Lisa Hall Bates says
And if you have to dig around a truck 1 meter just for a small leak, the chemicals being used should NOT go anywhere near any ground water or anywhere near where HUMANS have any potential contact!!
Jeb says
Baldeese? Seriously?
itsmyland says
to TXsharon
maybe you should strike against the oil companies, stop putting gas in your car. dont ride a bus. dont take a train. stop heating your house, dont use your stove, stop purchasing anything packaged with plastic, throw away all your polyester clothing. and for gods sake stop using your computer wich is 2 thirds petrolium product. make a stand.
TXsharon says
Thank you for your comment, itsmyland,
You present a logical fallacy that because we consume energy we are prohibited from advocating for better drilling practices. However, I have taken many steps to live a more sustainable lifestyle.
I do not use gas to heat my home.
All my electricity comes from wind and solar.
Although my cooking uses electricity, I cook in a solar over as much as possible.
I take advantage of solar whenever possible and hope to put up some solar panels.
We need to transition away from dirty fossil fuels ASAP and conserve energy as much as possible.
Don’t worry. The clean energy economy will provide you with a new job where you won’t be exposed to hazardous chemicals.
GhostBlogger says
I don’t get why these conversations get so extreme black & white:”You accept us the way we do things right now, or stop using EVERYTHING we make”.
There are more enlightened, less damaging ways to do business, while staying in business, like free trade cocoa, or conflict free diamonds.
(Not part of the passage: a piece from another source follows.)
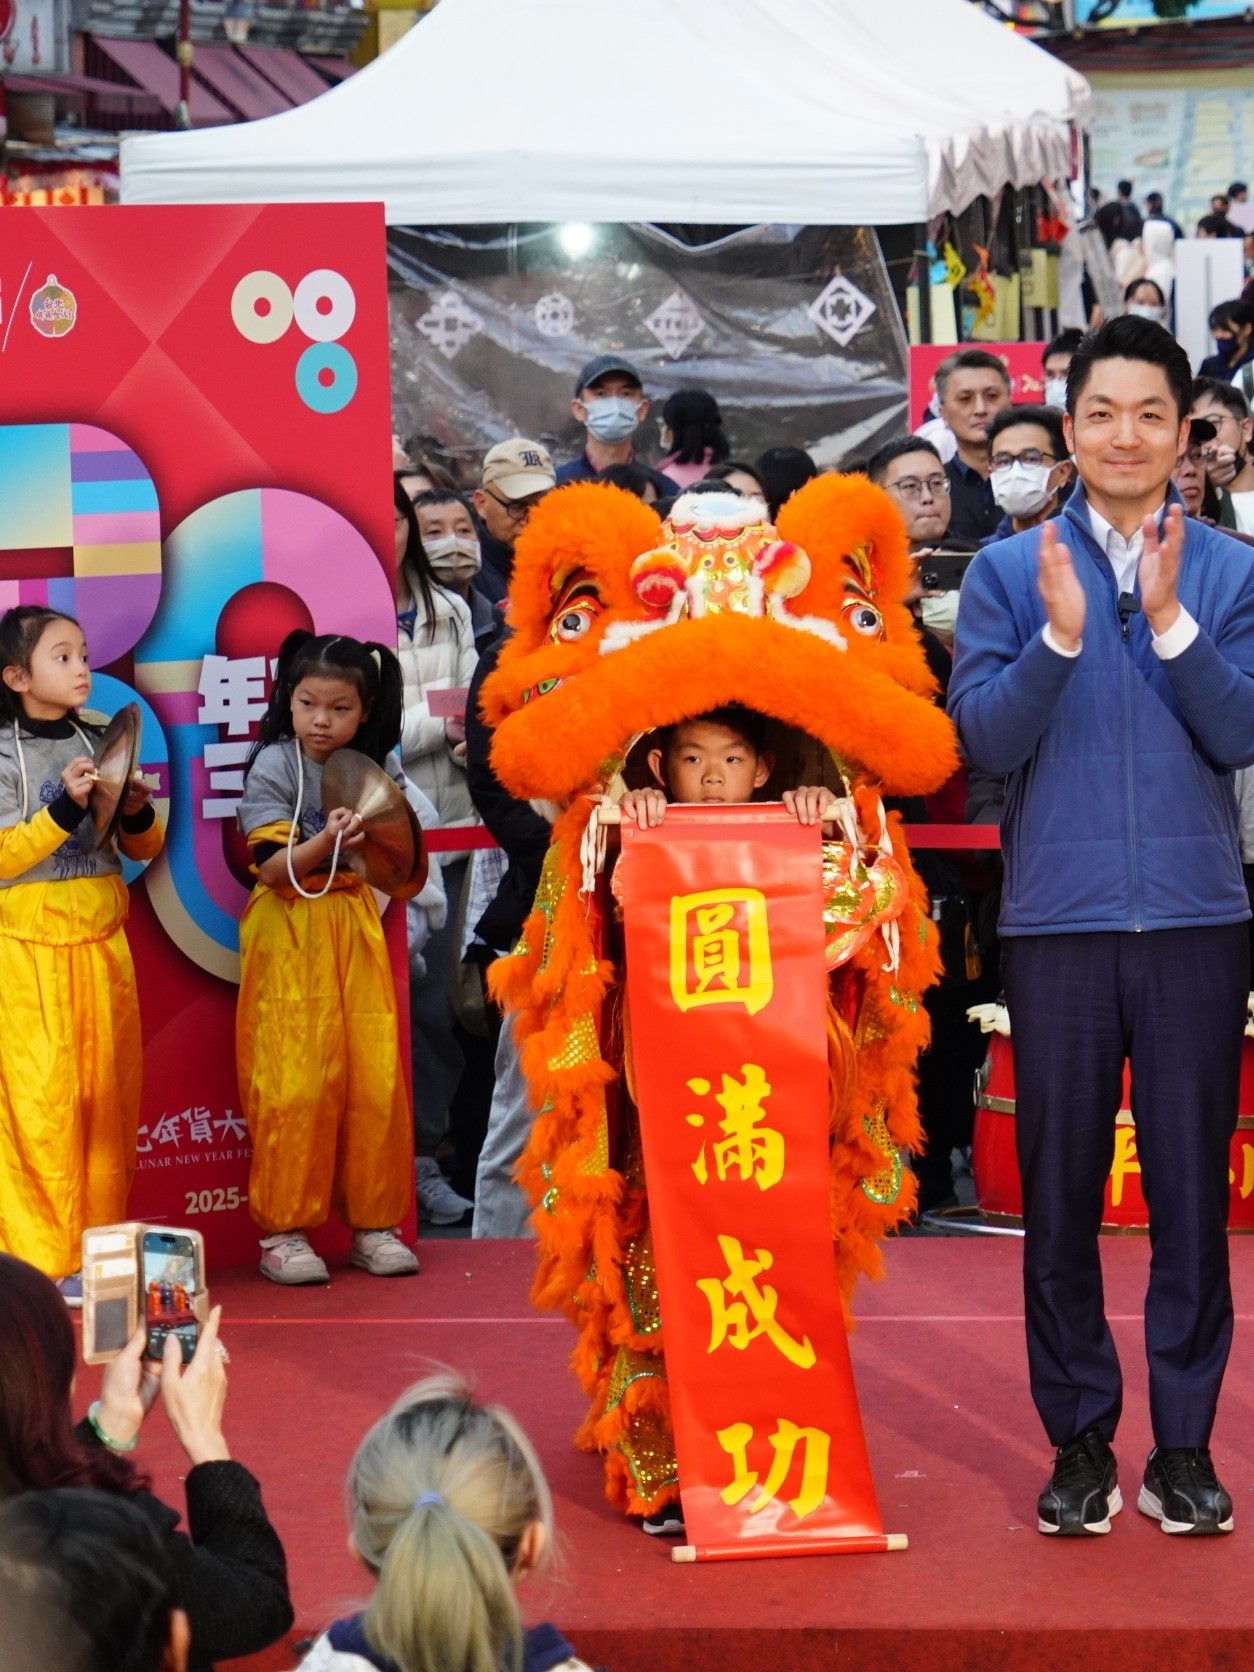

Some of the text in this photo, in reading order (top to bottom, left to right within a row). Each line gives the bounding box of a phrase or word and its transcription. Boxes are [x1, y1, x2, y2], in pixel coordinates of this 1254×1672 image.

Also, some in industry say that regulations on pollution are leftist. Well, the old Soviet Union was very far left, but they have major pollution issues, beyond just their nuclear blunders. Russia is losing 50,000 to (more likely) 500,000 tons of petroleum to Soviet legacy leaking pipelines each year.
ALbert says
yes … wonderful… you use natural wind and slar to power your house….
But what did it cost to have those solar panel’s built and those wind generators….?
Those are not clen items really as they take quite a lot of energy to make them in the first place..
I have tried to find out if solar and wind stuff actually generate any near as much energy as they cost to produce but it is hard.. very hard to find out the real facts….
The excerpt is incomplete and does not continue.